Leave out the pictures and copy everything else in the entries exactly.
[[ Provided entries, beginning ]]
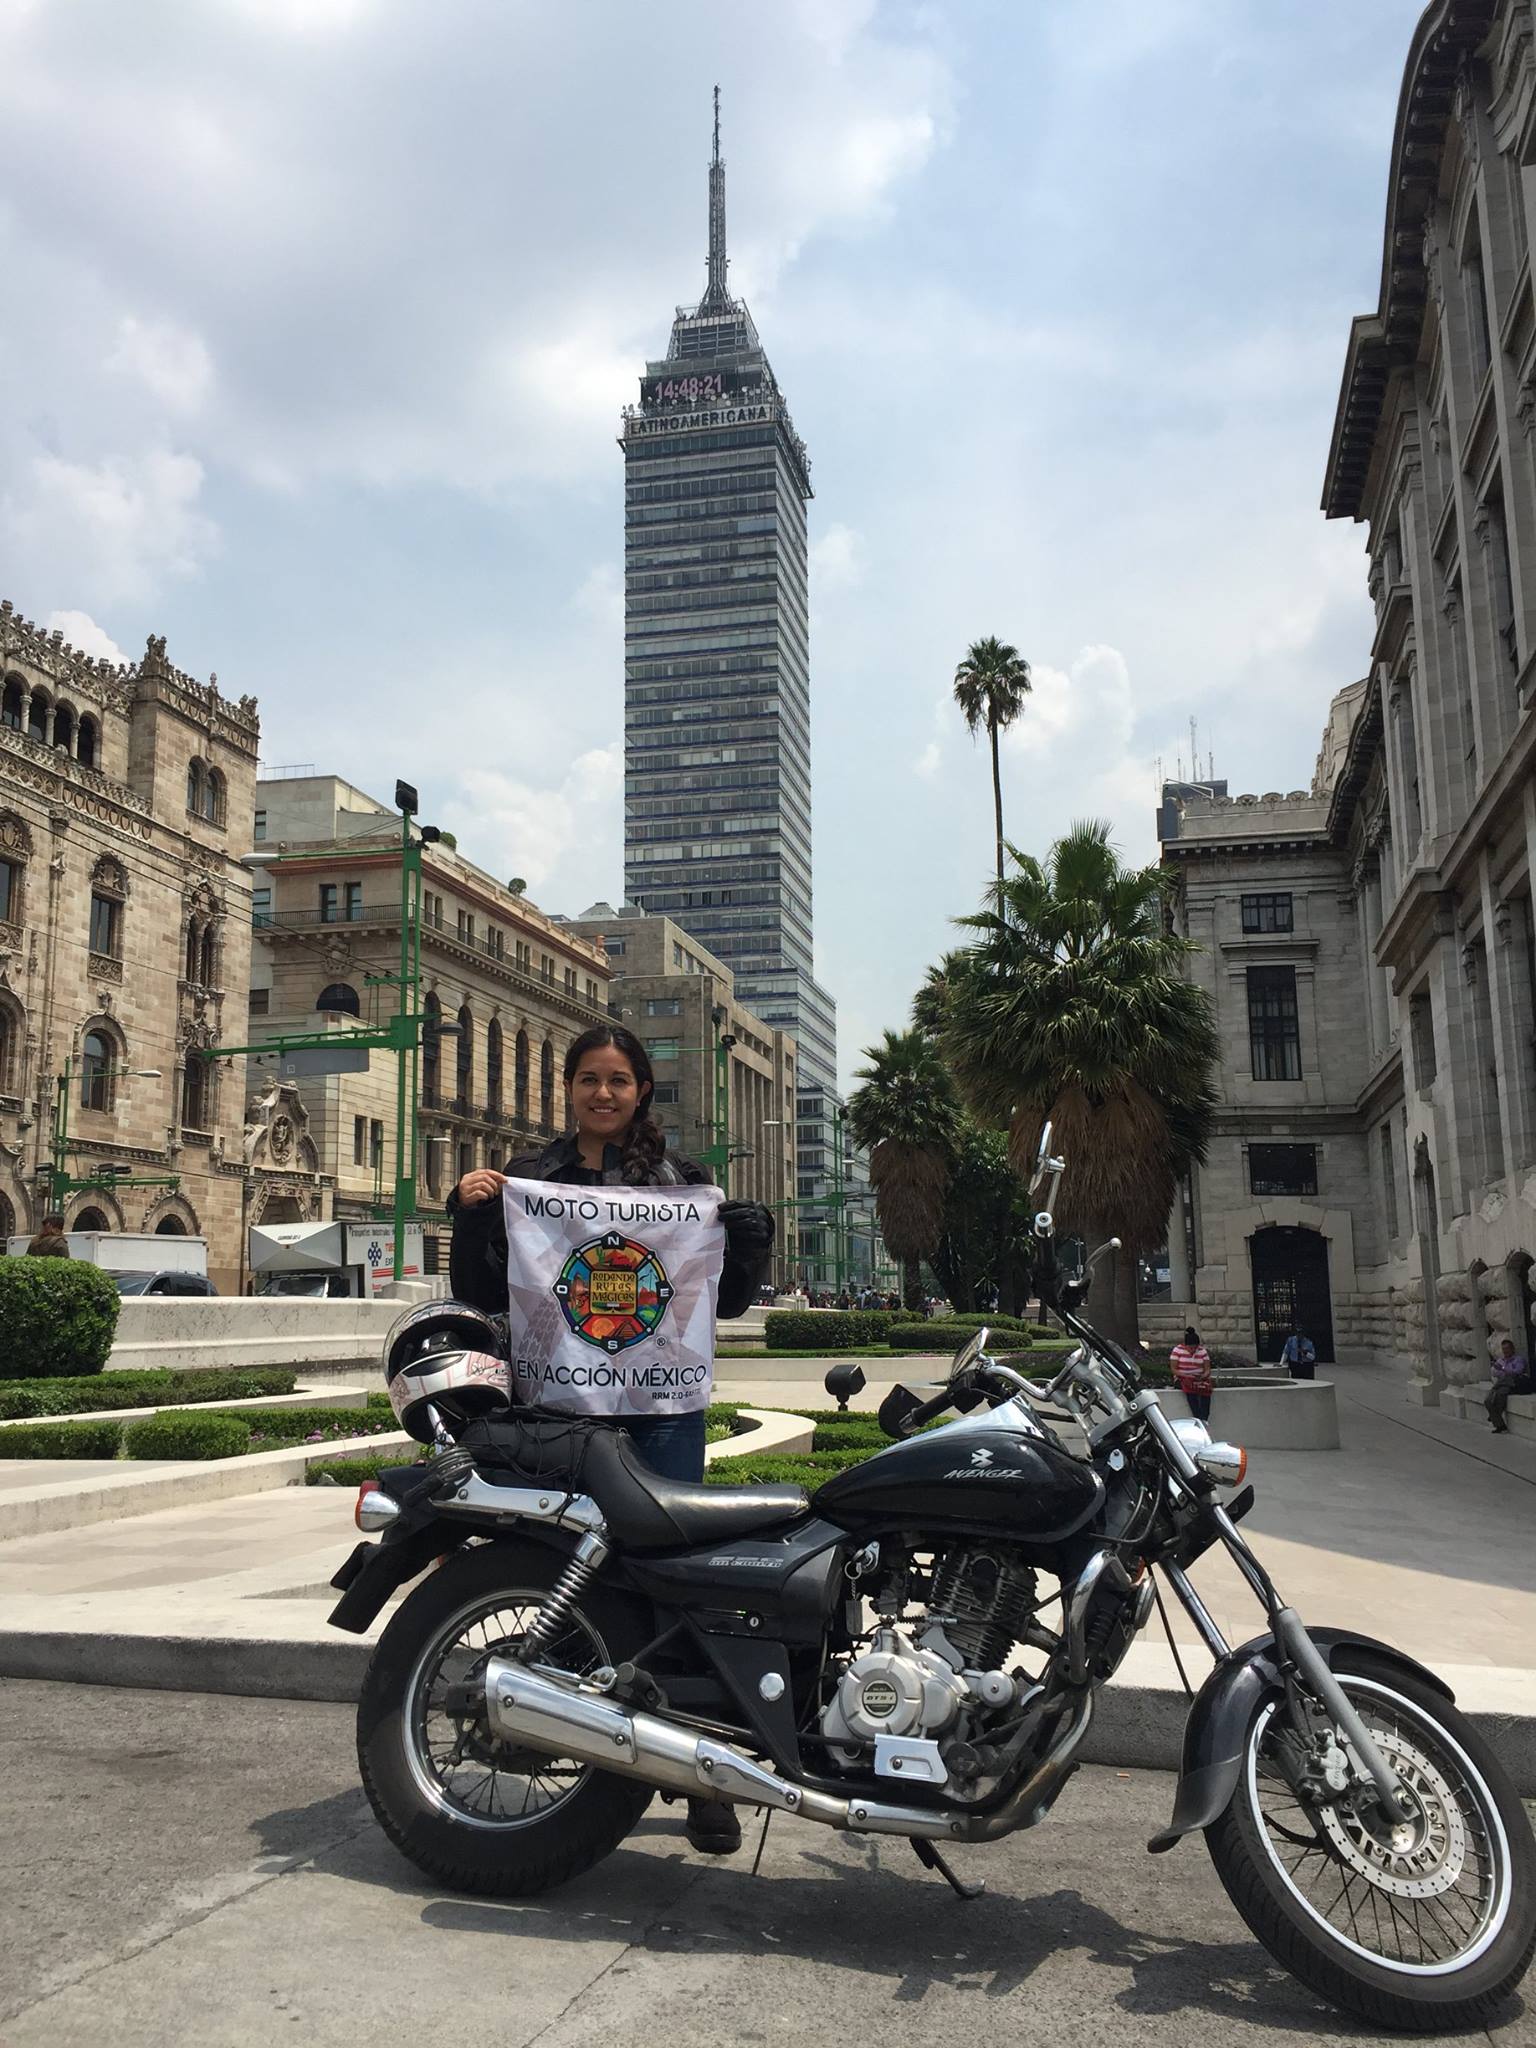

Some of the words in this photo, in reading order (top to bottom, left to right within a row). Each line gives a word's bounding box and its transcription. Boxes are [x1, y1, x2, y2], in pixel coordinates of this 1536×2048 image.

[656, 374, 722, 399] 14:48:21
[631, 406, 767, 434] LATINOAMERICANA
[525, 1195, 598, 1220] MOTO
[605, 1202, 700, 1222] TURISTA
[608, 1237, 619, 1245] N
[660, 1288, 669, 1297] E
[607, 1341, 617, 1349] S
[517, 1360, 538, 1379] EN
[543, 1362, 626, 1386] ACCIÓN
[632, 1362, 706, 1386] MÉXICO
[943, 1469, 1024, 1479] AVENGER
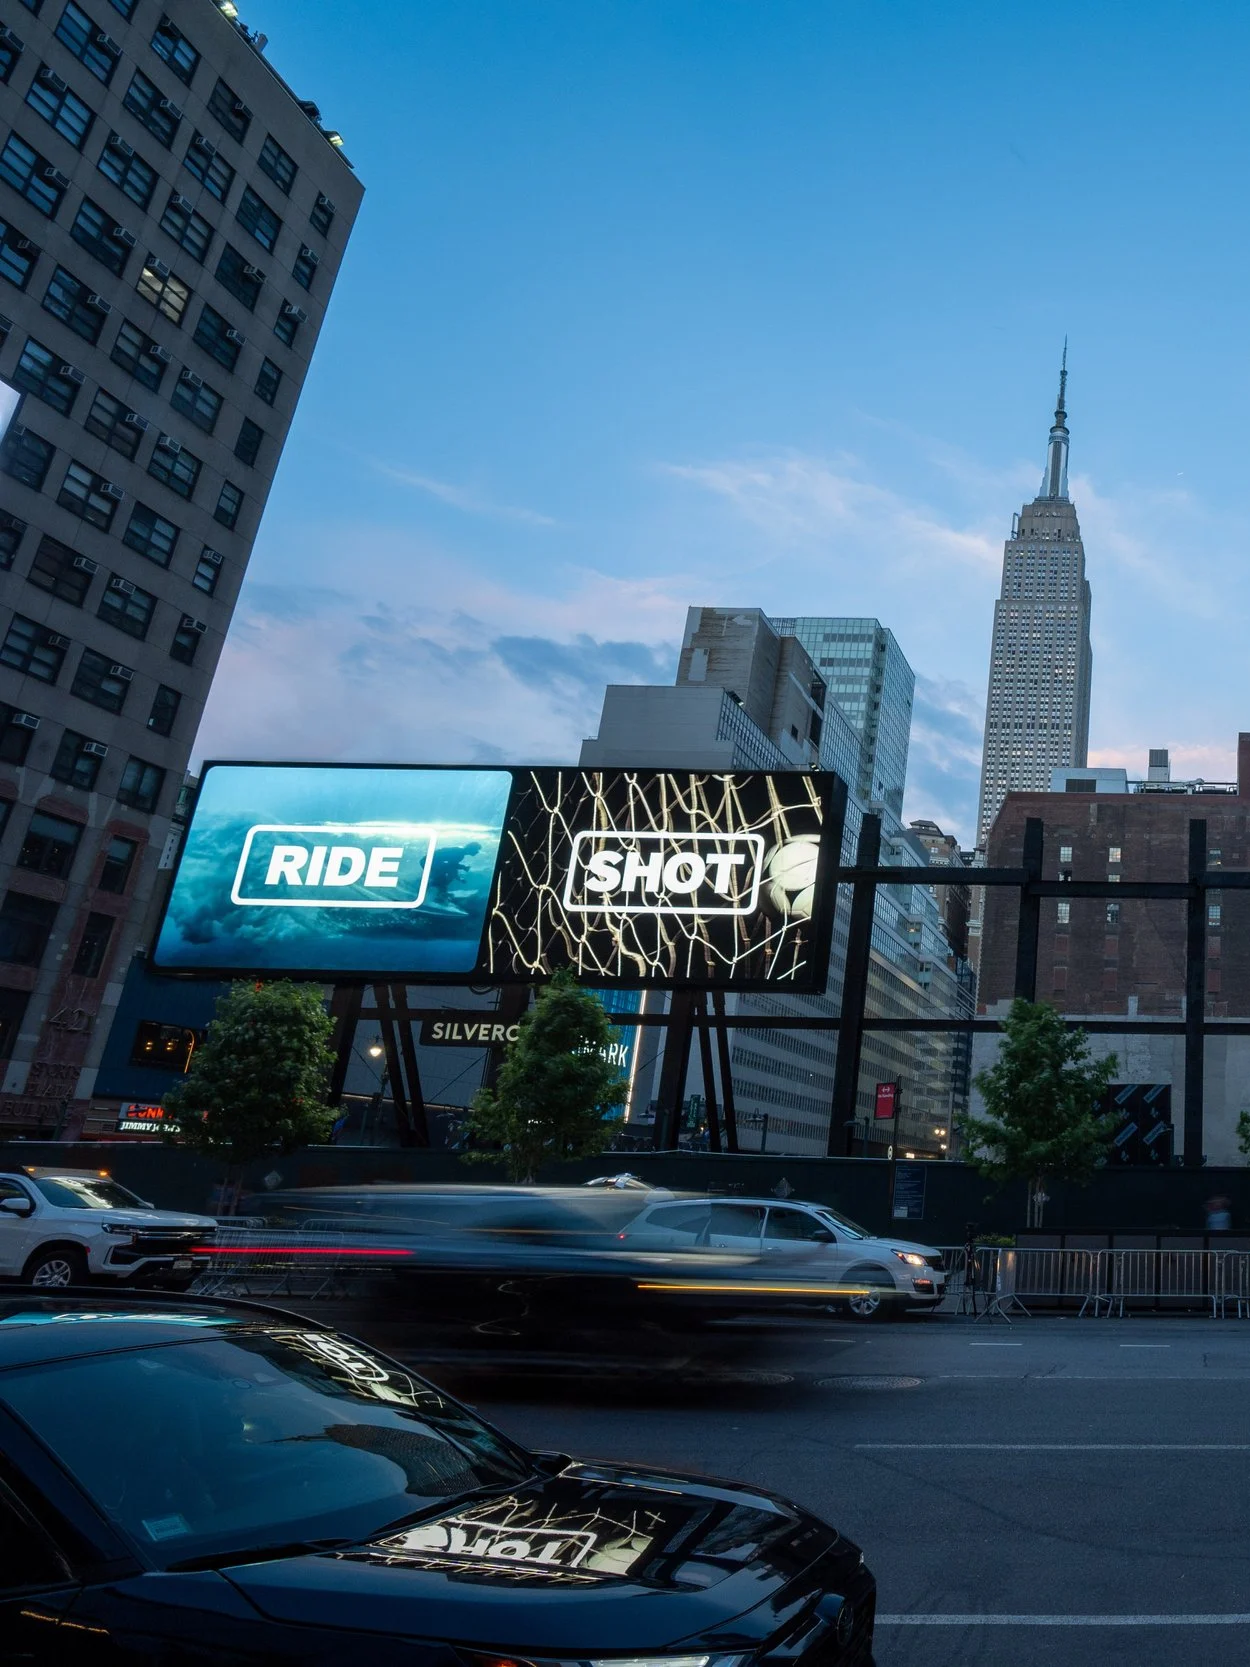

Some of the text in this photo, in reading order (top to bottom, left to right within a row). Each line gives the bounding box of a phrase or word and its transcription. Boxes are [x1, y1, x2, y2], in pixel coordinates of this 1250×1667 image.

[264, 846, 403, 888] RIDE
[584, 852, 745, 895] SHOT
[432, 1022, 520, 1041] SILVERC
[[ Provided entries, end ]]
*Expected answer*:
Some of the words in this photo, in reading order (top to bottom, left to right within a row). Each line gives a word's bounding box and its transcription. Boxes are [x1, y1, x2, y2], in pixel coordinates of this 1536×2048 image.

[656, 374, 722, 399] 14:48:21
[631, 406, 767, 434] LATINOAMERICANA
[525, 1195, 598, 1220] MOTO
[605, 1202, 700, 1222] TURISTA
[608, 1237, 619, 1245] N
[660, 1288, 669, 1297] E
[607, 1341, 617, 1349] S
[517, 1360, 538, 1379] EN
[543, 1362, 626, 1386] ACCIÓN
[632, 1362, 706, 1386] MÉXICO
[943, 1469, 1024, 1479] AVENGER

Some of the text in this photo, in reading order (top to bottom, left to right within a row). Each line gives the bounding box of a phrase or word and its transcription. Boxes are [x1, y1, x2, y2], in pixel coordinates of this 1250×1667 image.

[264, 846, 403, 888] RIDE
[584, 852, 745, 895] SHOT
[432, 1022, 520, 1041] SILVERC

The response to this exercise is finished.